İktidarın eteklerinde semiren sermayedarlar dışındaki büyük sermaye kesimlerinin de CHP’nin bu sürpriz değeri taşımayan “vizyon belgesini” destekleyeceklerini kolayca öngörebiliriz. Nitekim bunun da bir işareti olarak 4 Aralık’ta Adana’da düzenlenen buluşmada TÜSİAD ve TÜRKONFED eski başkanları iktidara daha açık eleştiri yöneltme pozisyonuna geçiyorlardı (5 Aralık 2022 tarihli Cumhuriyet). Her durumda, 3 Aralık’taki “belgenin vizyonu” sermayenin ufkuna göre ayarlanmıştı.

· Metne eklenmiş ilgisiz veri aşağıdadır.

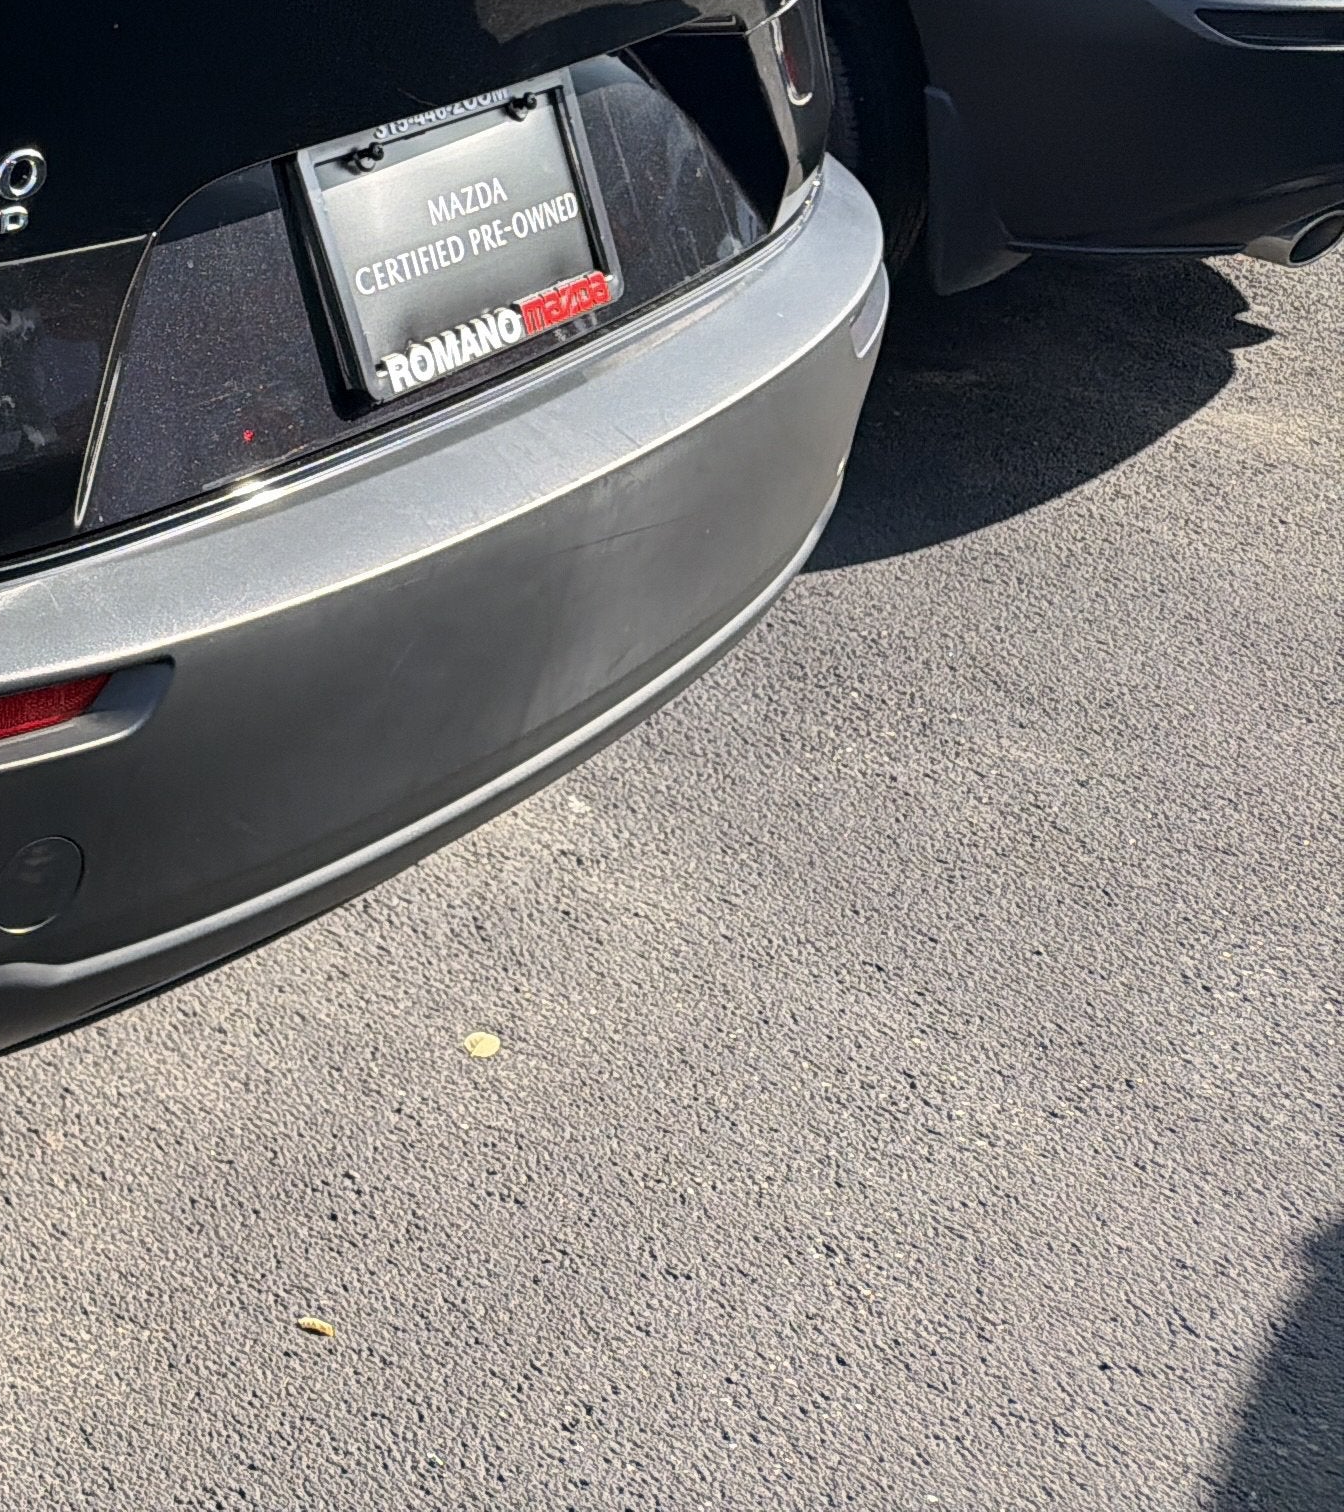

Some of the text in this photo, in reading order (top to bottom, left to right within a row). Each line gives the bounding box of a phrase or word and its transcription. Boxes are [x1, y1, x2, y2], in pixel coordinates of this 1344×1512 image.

[355, 192, 579, 295] CERTIFIED PRE-OWNED
[427, 177, 509, 226] MAZDA
[383, 307, 522, 393] ROMANO

Bu toplantı konusunda iki farklı TV kanalına sıcağı sıcağına yaptığım yorumlarda, esas olarak burada yazdıklarımı söylerken, CHP’nin Türkiye dahilinden (içinden) hem çok nitelikli hem de mevcut (varolan) ekonomik sisteme karşı net eleştirel konumları benimsemiş olan iktisatçılarla çalışma fırsatını kullanmamasını da eleştirmiş ve önümüzdeki süreçte bu yöne kayması gerektiğini ifade etmiştim. Gerçekleşmesini elbette mümkün görmediğim bu öneriyi aslında değerlendirmemin daha geniş kitlelere ulaşması bakımından önemli bulmuştum ve aynı zamanda neoliberal birikim modeline eleştirel konumlarından hiç ödün vermeyen Türkiye’nin saygın iktisatçılarının görmezden gelinmesine dolaylı tepkimi de ifade etmiştim. Kuşkusuz bu saptamamız, toplantıya katılan iktisatçıların akademik düzeylerine bir eleştiri değildir; neoliberal iktisatın ideolojik çerçevesi dışına çıkılamamasına bir eleştiridir.
Ama şimdi şunun altını daha kalın çizmenin zamanıdır: CHP liderinin ve yönetiminin bu toplantıda benimsediği vizyon ve kadro son derece bilinçli seçilmiştir ve CHP içinden veya sol kesimden gelecek tepkilere göre yeniden biçimlendirilebilecek bir esneklik taşımamaktadır. İç ve dış sermayeye güven vermenin, dışarıdan büyük borçlanma kaynaklarına ulaşabilmenin yolu-nun buradan geçtiğine inanılmaktadır. Daha önceleri de yazmıştım: IMF’siz bir IMF programının mümkün olabilmesinin tek koşulu, iç tepkilerin olmadığı bir durumda, dış kaynak sorununun halledilebilmesidir.
- Ancak sorun şu ki; yeni dünya konjonktüründe ve Türkiye’nin dış borç yükünün ve temerrüt faizlerinin (CDS oranları) böylesine yüksek olduğu bir ortamda, bol ve ucuz dış kaynak yok.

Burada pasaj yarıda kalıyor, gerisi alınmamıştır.